■ Supplied data ■

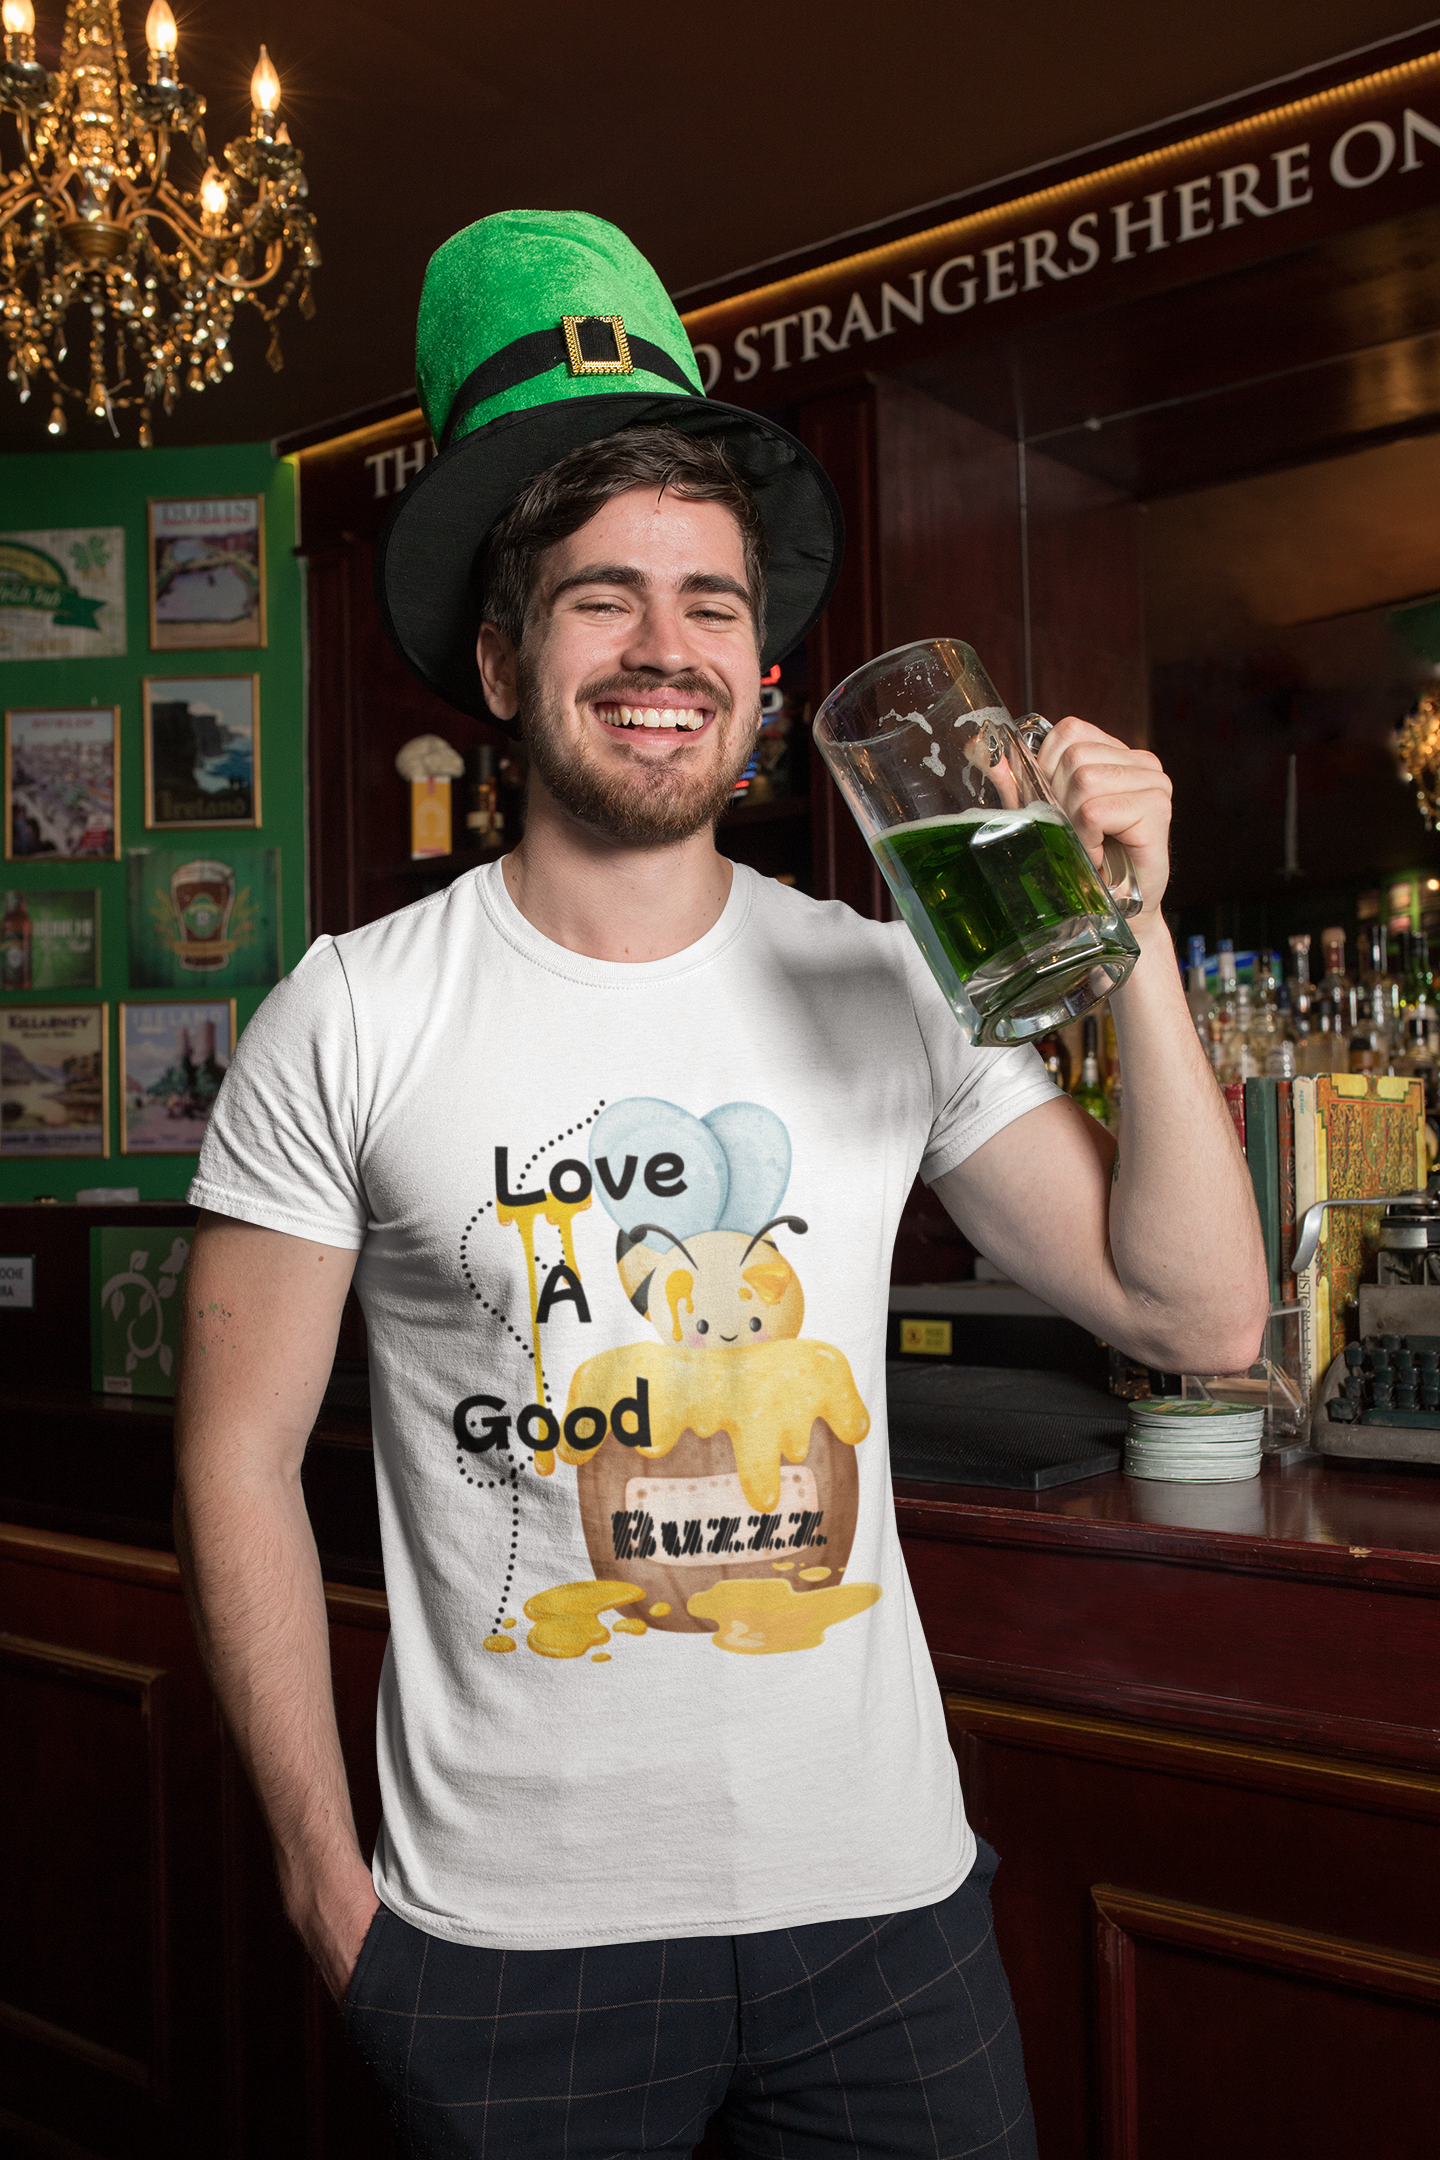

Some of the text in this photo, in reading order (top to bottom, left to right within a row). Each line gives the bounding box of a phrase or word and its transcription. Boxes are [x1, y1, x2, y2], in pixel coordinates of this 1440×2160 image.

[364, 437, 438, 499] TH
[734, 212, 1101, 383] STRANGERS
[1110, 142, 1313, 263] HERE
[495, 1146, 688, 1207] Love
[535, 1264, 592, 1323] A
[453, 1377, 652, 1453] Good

■ Activity ■
For this task, give the full listing again verbatim and keep out every picture.

■ Response to the task ■
Some of the text in this photo, in reading order (top to bottom, left to right within a row). Each line gives the bounding box of a phrase or word and its transcription. Boxes are [x1, y1, x2, y2], in pixel coordinates of this 1440×2160 image.

[364, 437, 438, 499] TH
[734, 212, 1101, 383] STRANGERS
[1110, 142, 1313, 263] HERE
[495, 1146, 688, 1207] Love
[535, 1264, 592, 1323] A
[453, 1377, 652, 1453] Good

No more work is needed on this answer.